On the relevance of accurate correction and validation procedures in the analysis of AVHRR‐NDVI time series for long‐term monitoring

[1] The effects of solar zenith angle (SZA) changes, short-wave calibration instability, and satellite switches on the interannual vegetation variability inferred from 1-km advanced very high resolution radiometer–normalized difference vegetation index (AVHRR-NDVI) were evaluated. The annual maximum value composite (MVC) of NDVI over middle and southern Italy was processed from afternoon viewings of NOAA 9, 11, and 14 for the period 1985–1999. MVCs were computed from imagery relative to the period of maximum photosynthetic activity. Raw data were compared with data corrected according to a procedure we recently developed and validated. Our results show that the SZA changes cause an error that increases as the NDVI value decreases. The maximum magnitude is 6.2% for forests and up to 41.8% for lakes. Calibration and intercalibration anomalies modify NOAA 11 NDVI values of 7–8% for all classes except for lakes and artificial surfaces, which show a variation of almost 11–12%; the NOAA 14 NDVI anomalies are set on about 11% with the exception of artificial surfaces (∼17%) and sparsely vegetated areas (∼9%).
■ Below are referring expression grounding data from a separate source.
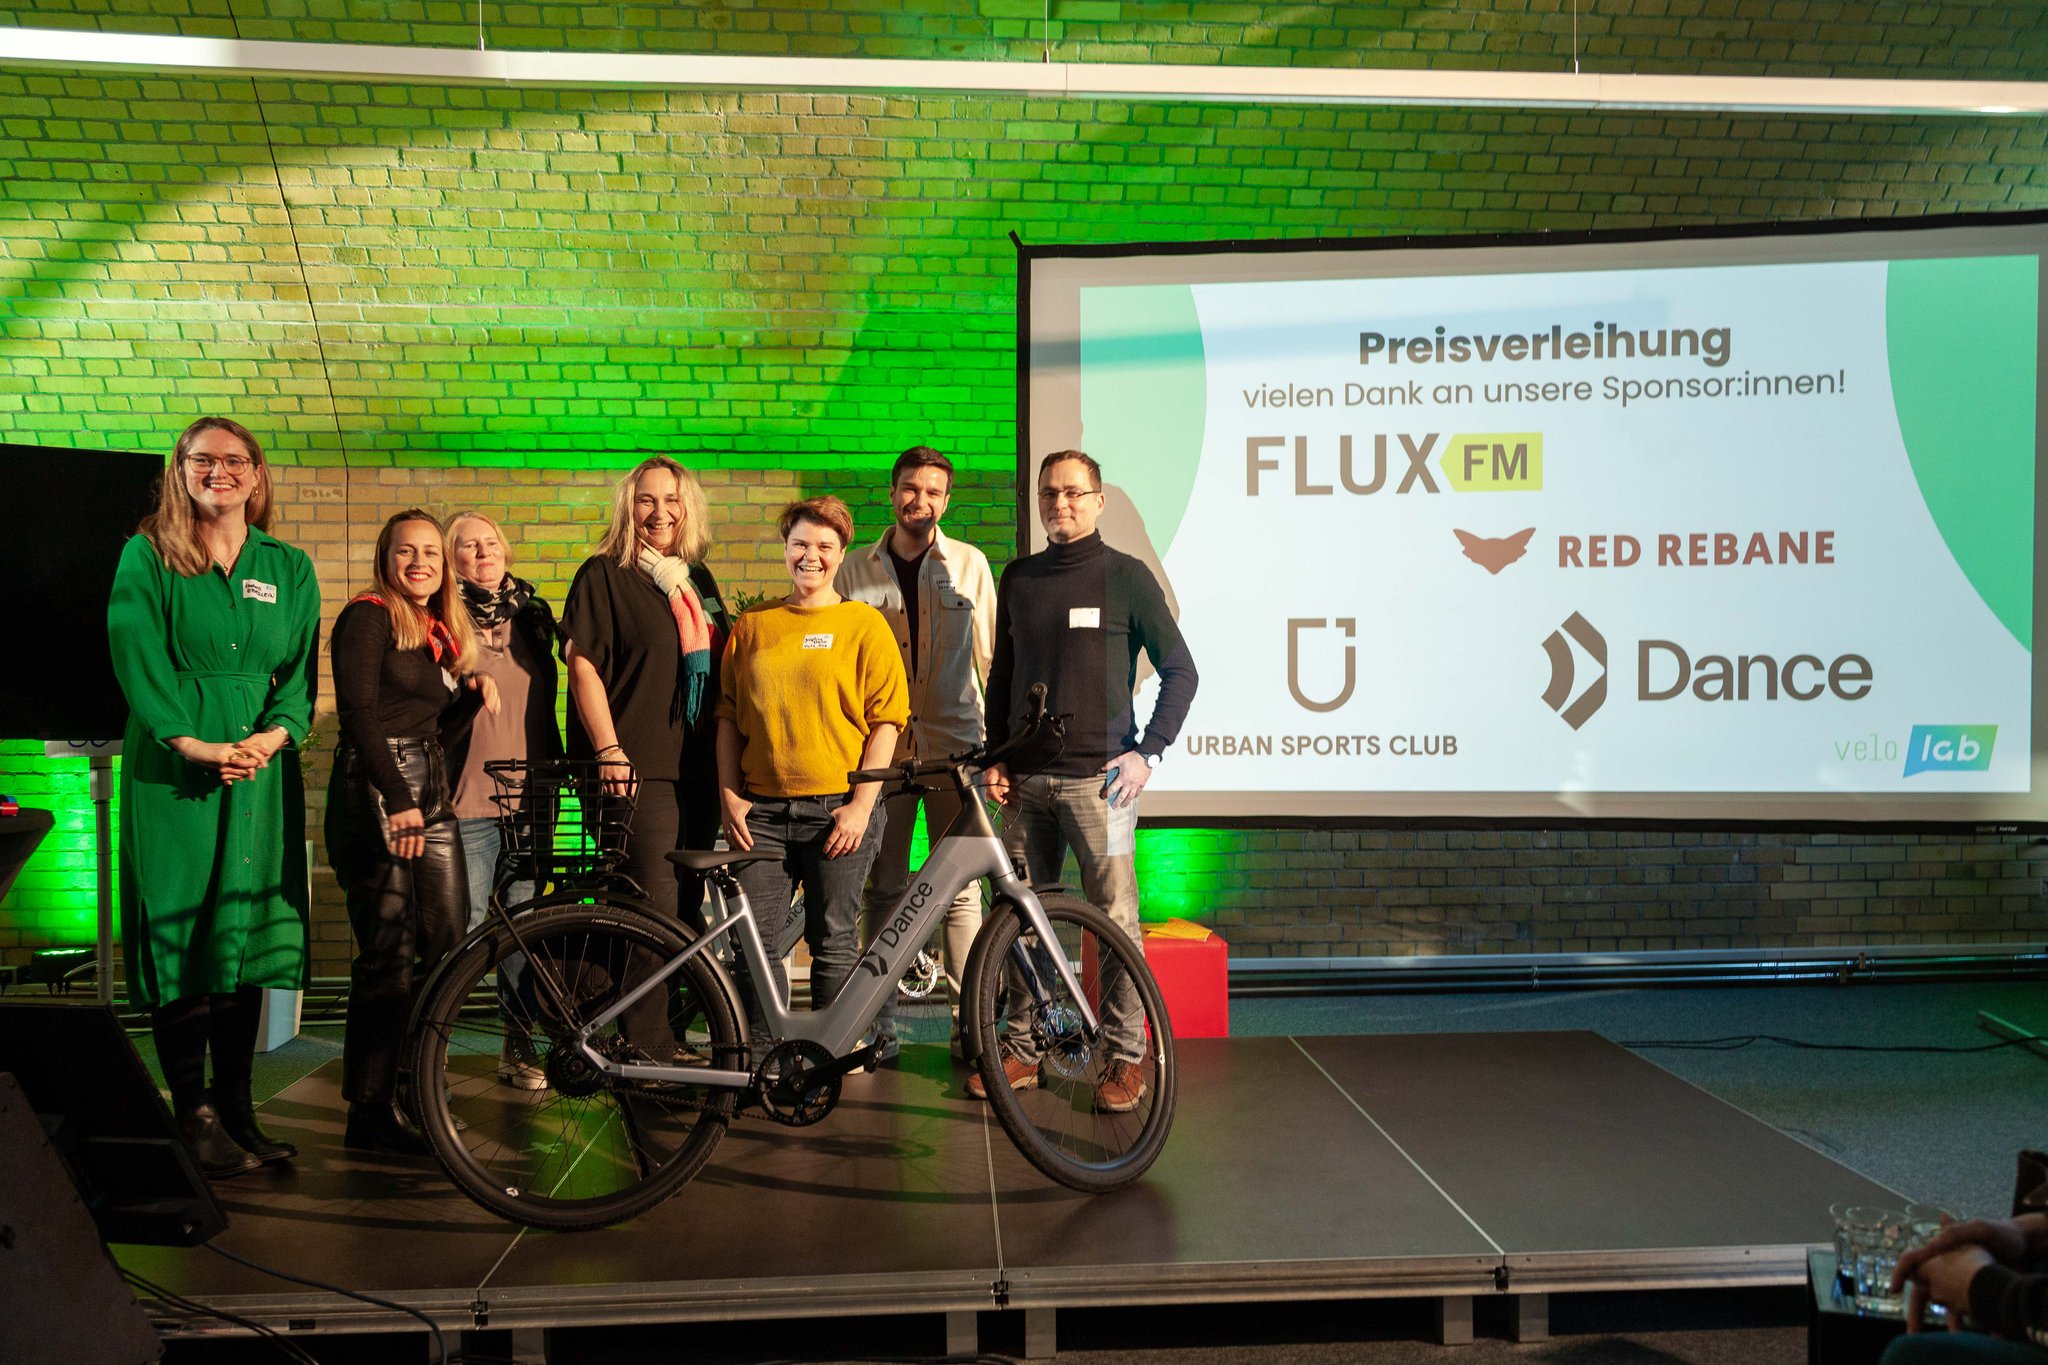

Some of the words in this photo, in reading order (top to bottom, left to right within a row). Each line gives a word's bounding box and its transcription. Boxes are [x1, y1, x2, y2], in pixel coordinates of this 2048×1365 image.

[1359, 321, 1732, 368] Preisverleihung
[1242, 383, 1334, 408] vielen
[1344, 381, 1423, 407] Dank
[1432, 385, 1473, 405] an
[1484, 378, 1593, 403] unsere
[1603, 369, 1846, 408] Sponsor:innen!
[1246, 432, 1441, 497] FLUX
[1463, 443, 1528, 482] FM
[1558, 534, 1642, 568] RED
[1658, 530, 1836, 567] REBANE
[1637, 639, 1874, 702] Dance
[1187, 735, 1273, 757] URBAN
[1281, 735, 1381, 757] SPORTS
[1389, 735, 1458, 757] CLUB
[1834, 732, 1898, 762] velo
[1920, 733, 1981, 763] lab
[879, 882, 933, 949] Dance
We also evaluated the improvement obtained from the use of the last update of calibration coefficients of NOAA 14. The positive impact of these coefficients is apparent for all the considered land covers, but a persistent overestimation of NOAA 14 calibration coefficients was still found. Altogether, the artificial anomalies can induce a relative error on NDVI variations up to 130%. This result strongly points out the relevance of performing an accurate correction of systematic errors and a careful validation before drawing conclusions from multitemporal AVHRR-NDVI analyses focused on the detection of long-term vegetation changes.